Every entry in the following listing must be restated word for word, though not its pictures.

########

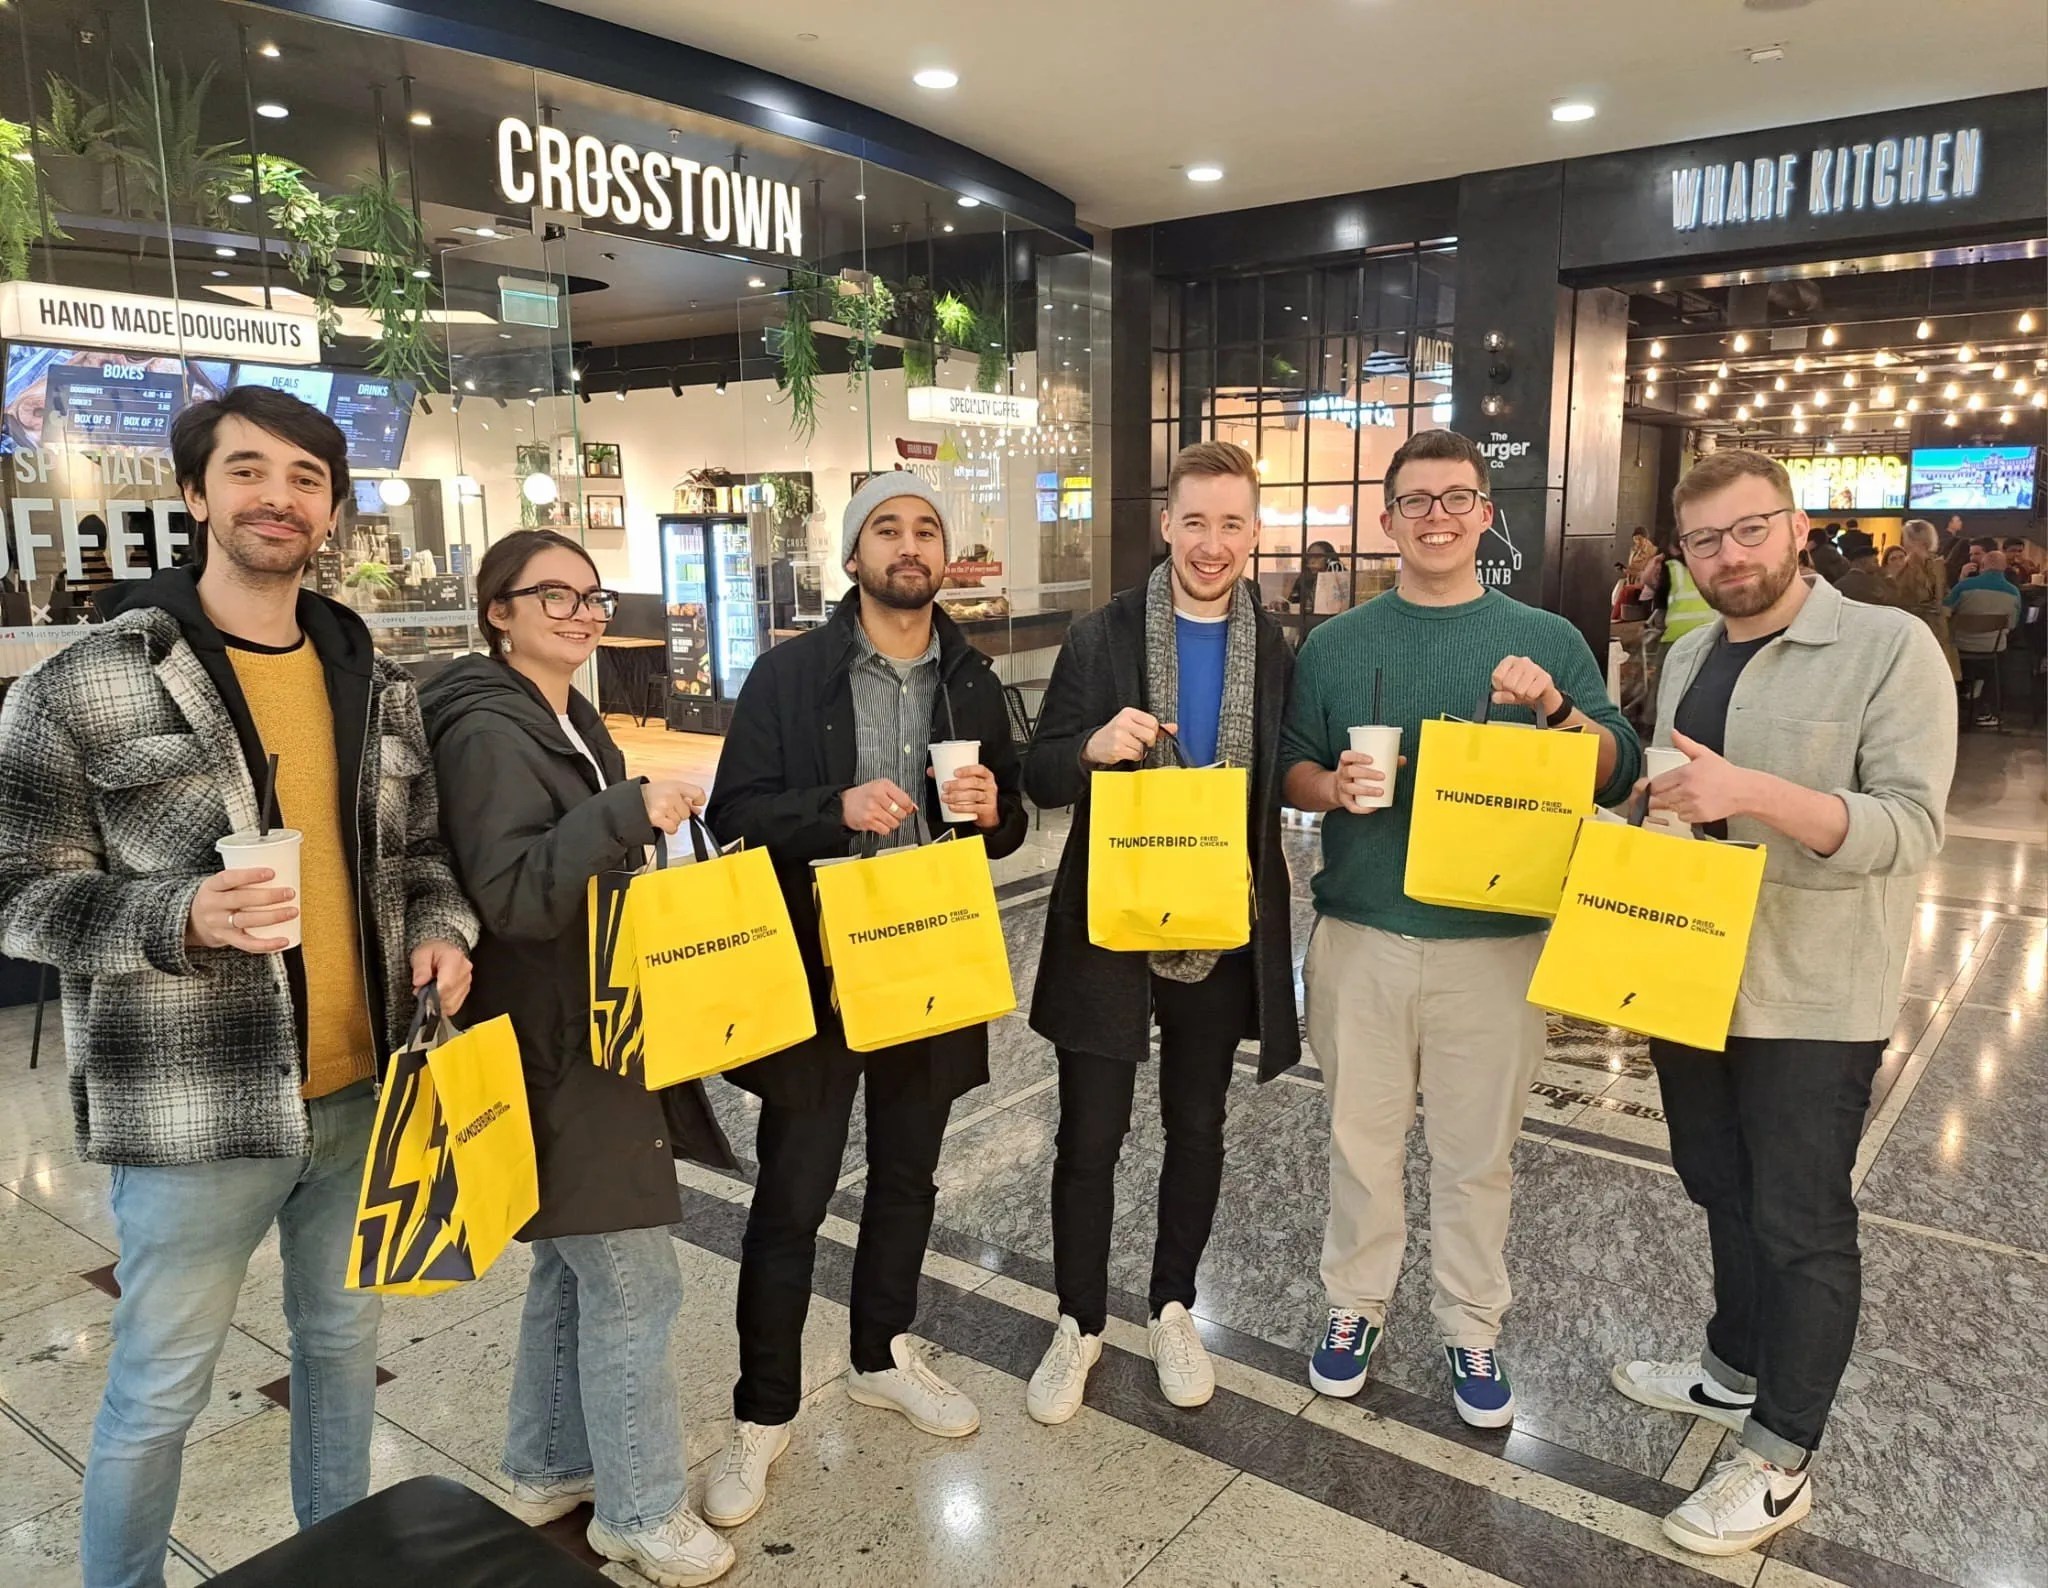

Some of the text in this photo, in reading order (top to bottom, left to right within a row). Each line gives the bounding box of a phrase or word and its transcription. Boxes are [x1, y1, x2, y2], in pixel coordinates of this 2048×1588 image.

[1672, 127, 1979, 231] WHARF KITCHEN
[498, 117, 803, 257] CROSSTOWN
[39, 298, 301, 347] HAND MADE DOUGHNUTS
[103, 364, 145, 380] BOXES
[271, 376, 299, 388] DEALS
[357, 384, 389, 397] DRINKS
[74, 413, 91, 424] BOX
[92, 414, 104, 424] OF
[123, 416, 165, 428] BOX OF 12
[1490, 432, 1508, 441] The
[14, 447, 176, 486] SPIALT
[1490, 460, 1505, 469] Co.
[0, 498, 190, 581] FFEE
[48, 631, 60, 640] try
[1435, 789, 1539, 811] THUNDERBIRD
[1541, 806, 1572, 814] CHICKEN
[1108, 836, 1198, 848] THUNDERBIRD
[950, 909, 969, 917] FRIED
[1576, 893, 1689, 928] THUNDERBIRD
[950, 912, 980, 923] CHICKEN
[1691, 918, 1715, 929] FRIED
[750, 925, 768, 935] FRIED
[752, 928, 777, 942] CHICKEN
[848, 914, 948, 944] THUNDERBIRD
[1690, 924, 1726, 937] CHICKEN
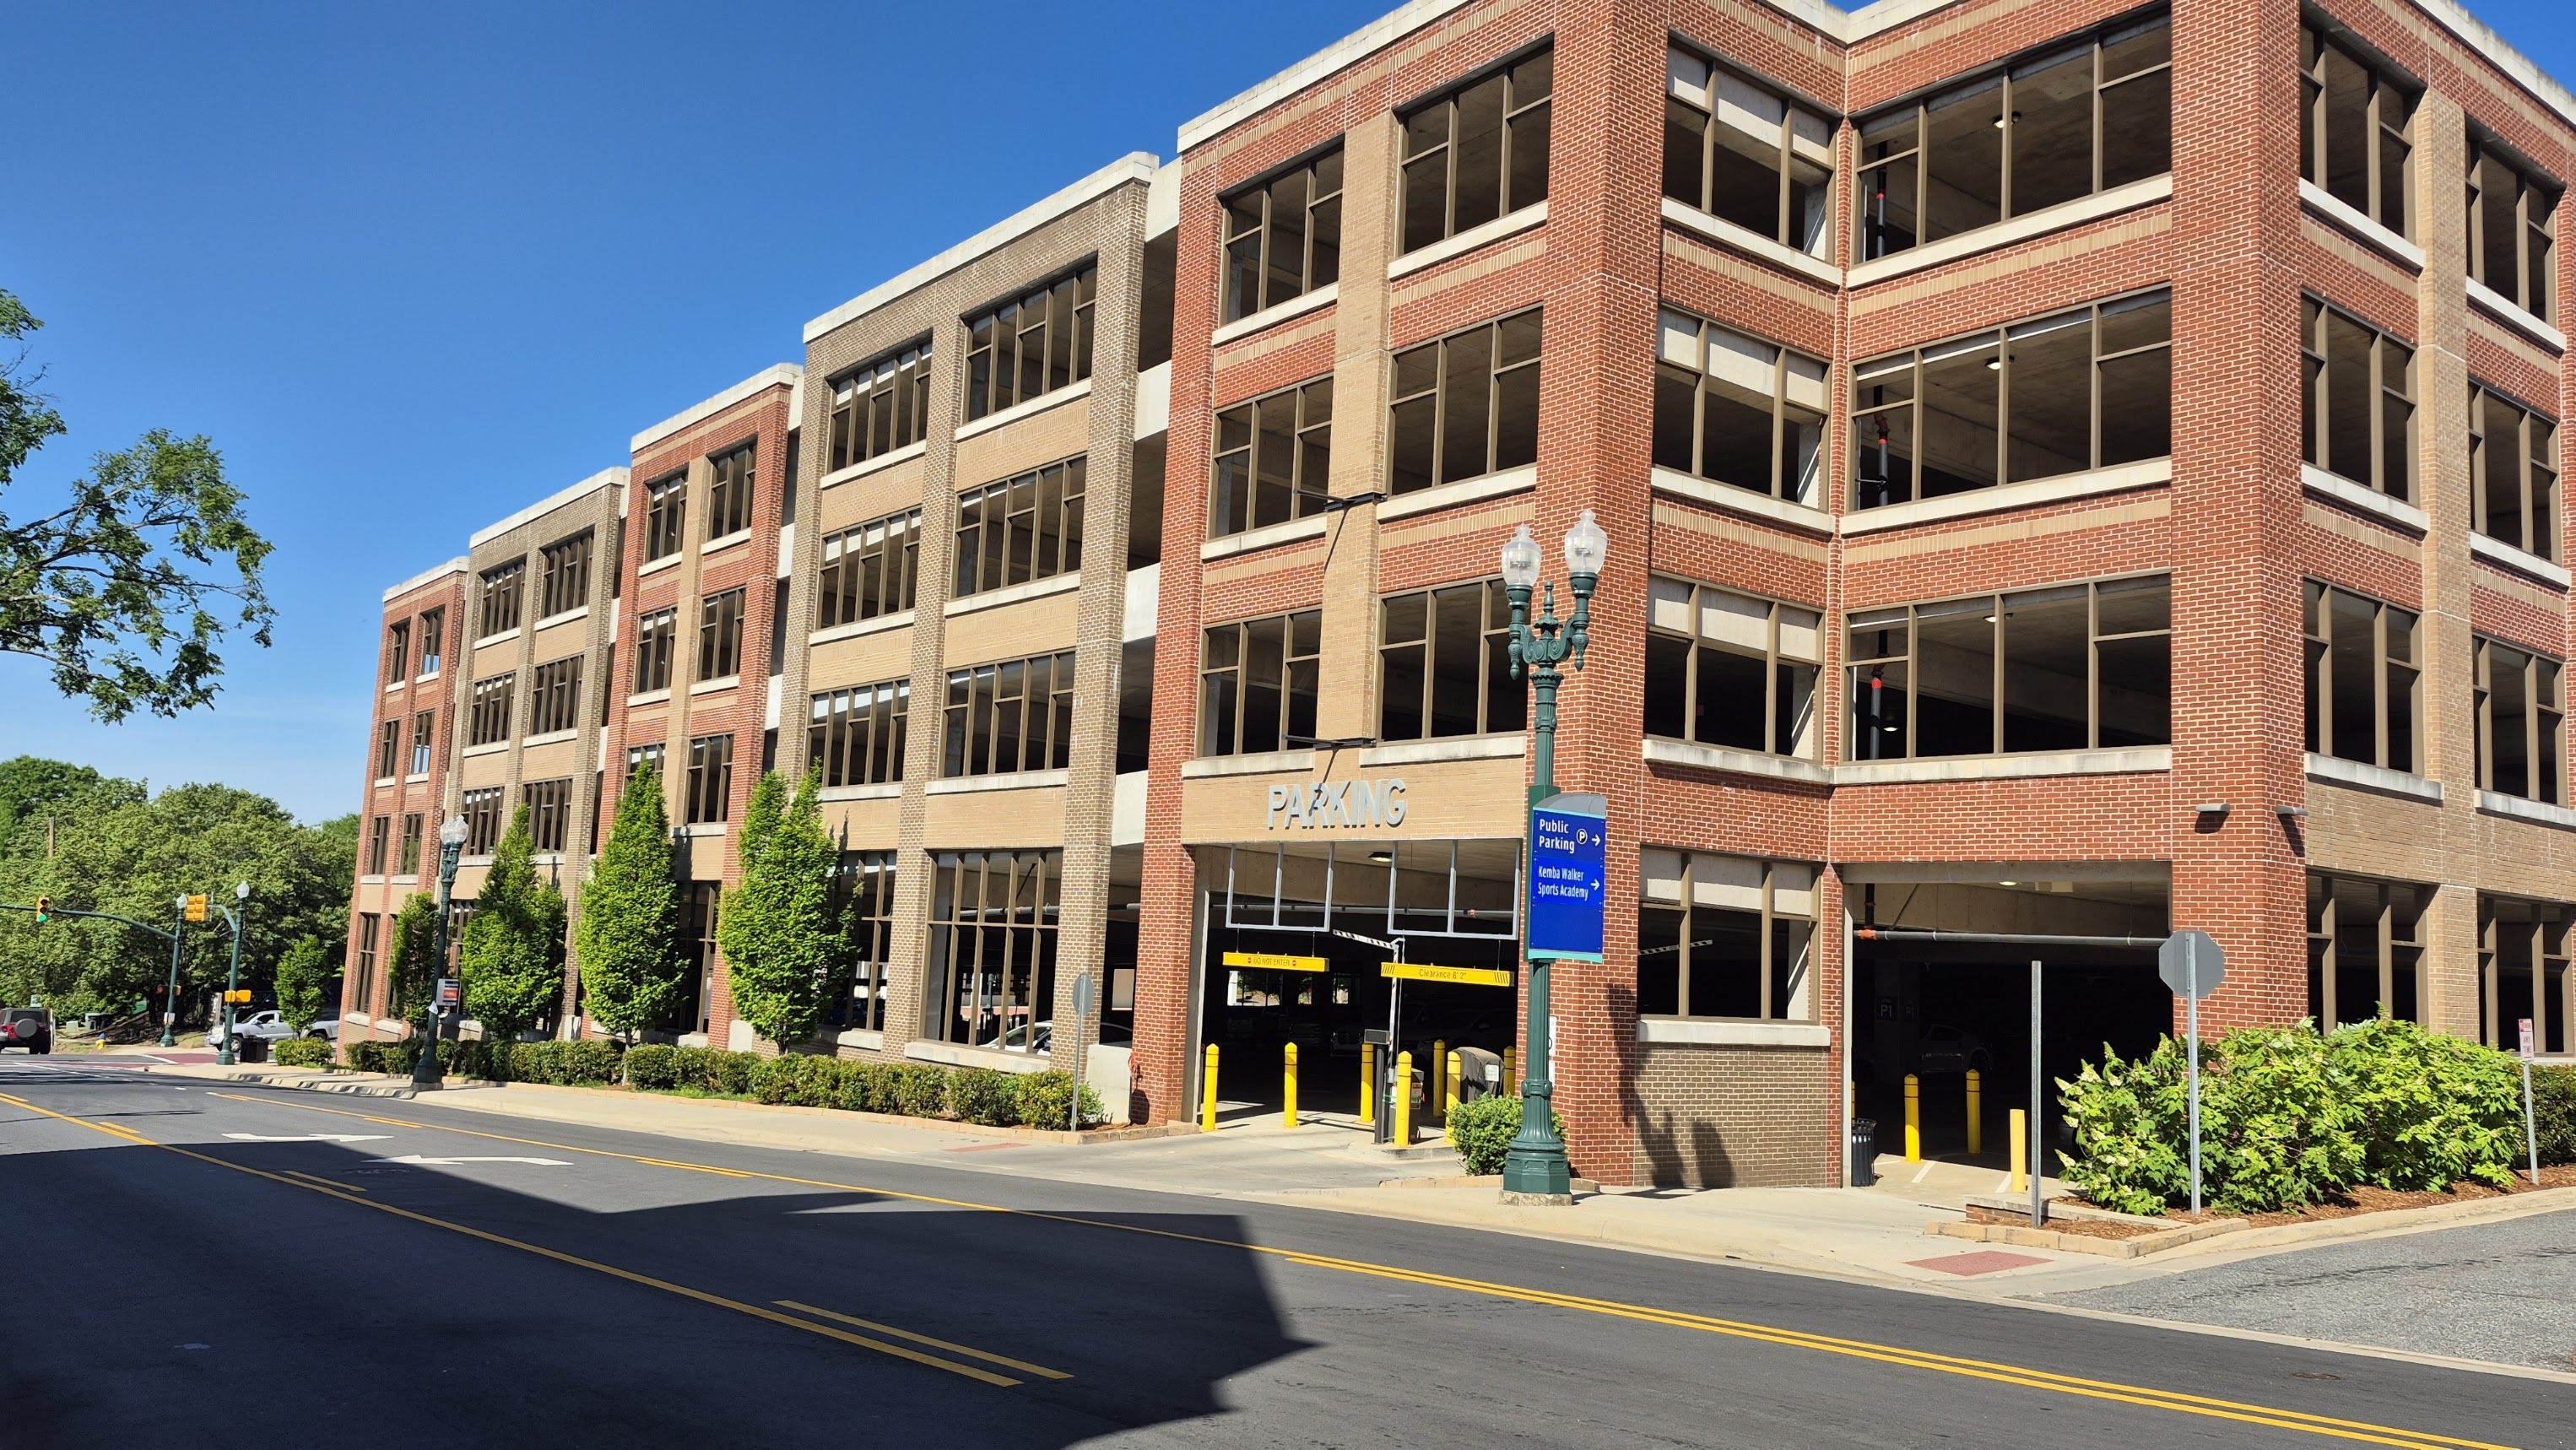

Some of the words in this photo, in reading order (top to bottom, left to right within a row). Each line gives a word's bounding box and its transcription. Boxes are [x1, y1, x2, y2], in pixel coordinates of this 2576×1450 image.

########

## Written solution
Some of the text in this photo, in reading order (top to bottom, left to right within a row). Each line gives the bounding box of a phrase or word and its transcription. Boxes are [x1, y1, x2, y2], in pixel coordinates of this 2048×1588 image.

[1672, 127, 1979, 231] WHARF KITCHEN
[498, 117, 803, 257] CROSSTOWN
[39, 298, 301, 347] HAND MADE DOUGHNUTS
[103, 364, 145, 380] BOXES
[271, 376, 299, 388] DEALS
[357, 384, 389, 397] DRINKS
[74, 413, 91, 424] BOX
[92, 414, 104, 424] OF
[123, 416, 165, 428] BOX OF 12
[1490, 432, 1508, 441] The
[14, 447, 176, 486] SPIALT
[1490, 460, 1505, 469] Co.
[0, 498, 190, 581] FFEE
[48, 631, 60, 640] try
[1435, 789, 1539, 811] THUNDERBIRD
[1541, 806, 1572, 814] CHICKEN
[1108, 836, 1198, 848] THUNDERBIRD
[950, 909, 969, 917] FRIED
[1576, 893, 1689, 928] THUNDERBIRD
[950, 912, 980, 923] CHICKEN
[1691, 918, 1715, 929] FRIED
[750, 925, 768, 935] FRIED
[752, 928, 777, 942] CHICKEN
[848, 914, 948, 944] THUNDERBIRD
[1690, 924, 1726, 937] CHICKEN

Some of the words in this photo, in reading order (top to bottom, left to right within a row). Each line gives a word's bounding box and its transcription. Boxes are [x1, y1, x2, y2], in pixel coordinates of this 2576×1450 image.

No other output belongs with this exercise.